A celebration of wine, art and family

the artist

Rosa Purbrick


In many vineyards across Australia wandering vistors will find rose bushes, planted neatly at the end of row-after-row of low-running grape vines. Pristine punctuation marks in a sea of lush greenery, these decorative details also have a practical function as a barometer for vine disease. If a rose is sick, so too will be the vines.

Rosa Purbrick (herself named after the hardy rose species) has kept watch over vines all her life. Born in Mildura, she grew up in a large Italian family with a heritage steeped in home made vintage. Her father produced his own potent ferment, renowned for its unique 'kick' and designed, no doubt, to 'fine' out his daughters' potential suitors. Rosa remembers picking clustered bunches of grapes and heaping them into old 'diptins'. She and her siblings would weave vine leaves through the perforations to keep themselves entertained on hot summer afternoons when energy levels dropped and heads became hazy with the hum of insects.

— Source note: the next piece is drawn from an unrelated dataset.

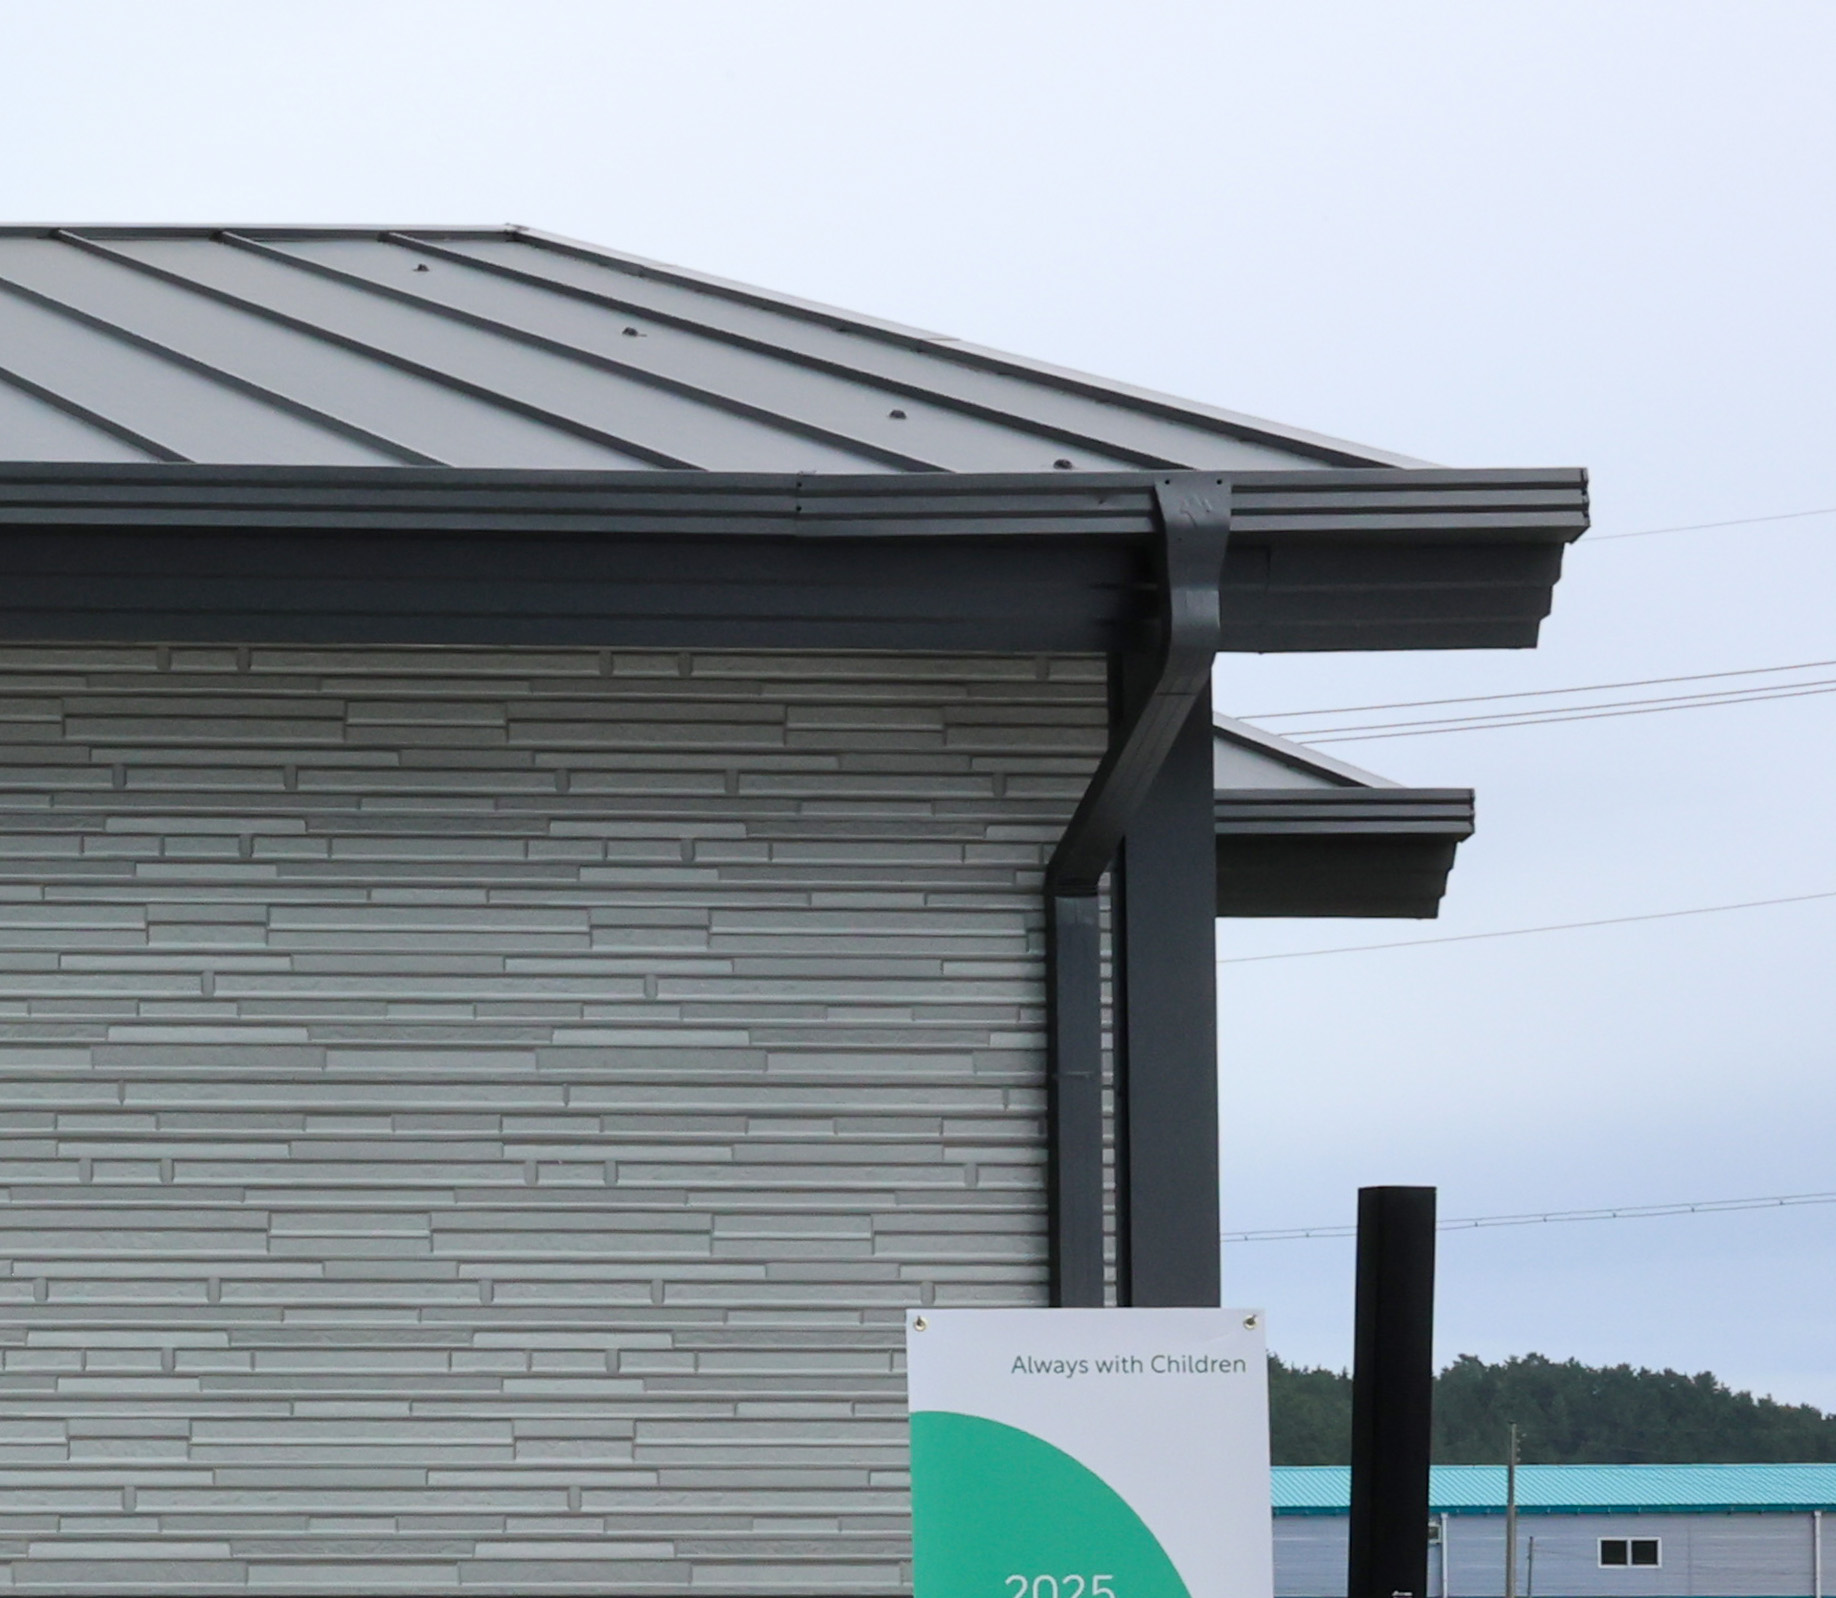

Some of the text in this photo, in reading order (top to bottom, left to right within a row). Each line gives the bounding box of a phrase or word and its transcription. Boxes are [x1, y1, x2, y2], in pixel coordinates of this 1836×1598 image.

Fate came to Rosa in the form of a husband robust enough to withstand her father's home made vintage. She married winemaker Alister Purbrick in 1982 and thus joined the oldest and most revered of Australia's wine legacies – Tahbilk Vineyard beside Victoria's Goulburn River.

As an artist, Rosa's life and work are synchronised with the vineyard's seasonal changes. Her imagery is etched in tune with the shifting moods of the landscape – from its blushed springtime mornings, to its crisp autumnal dusks and silent winter nights. For many years her paintings aimed for naturalism in carefully arranging close detail of foliage and colourful blooms. Many of these lyrical still-life compositions were translated onto wine labels for the property's Dalfarras range of wines – dedicated to Rosa's maiden family name - Dal Farra.

From these early pictorial idylls, Rosa has moved forward to a fresh arena of experimentation, one that links her more intimately with the 'living energy' of the vineyard. She now paints closer to the earth and allows the sun to dazzle her gaze. This submission to a more emotional relationship with her environment has sent her imagery spinning into a dervish of distinct yet related avenues. Pictures leap from one medium to another – from slick oil finish to porous paper texture – as the subject itself refracts and warps between figuration and full abstraction. These divergent strains 'converse' with each other, as if to suggest a debate about the physical qualities of wine and its age-old entaglement with the human 'spirit'.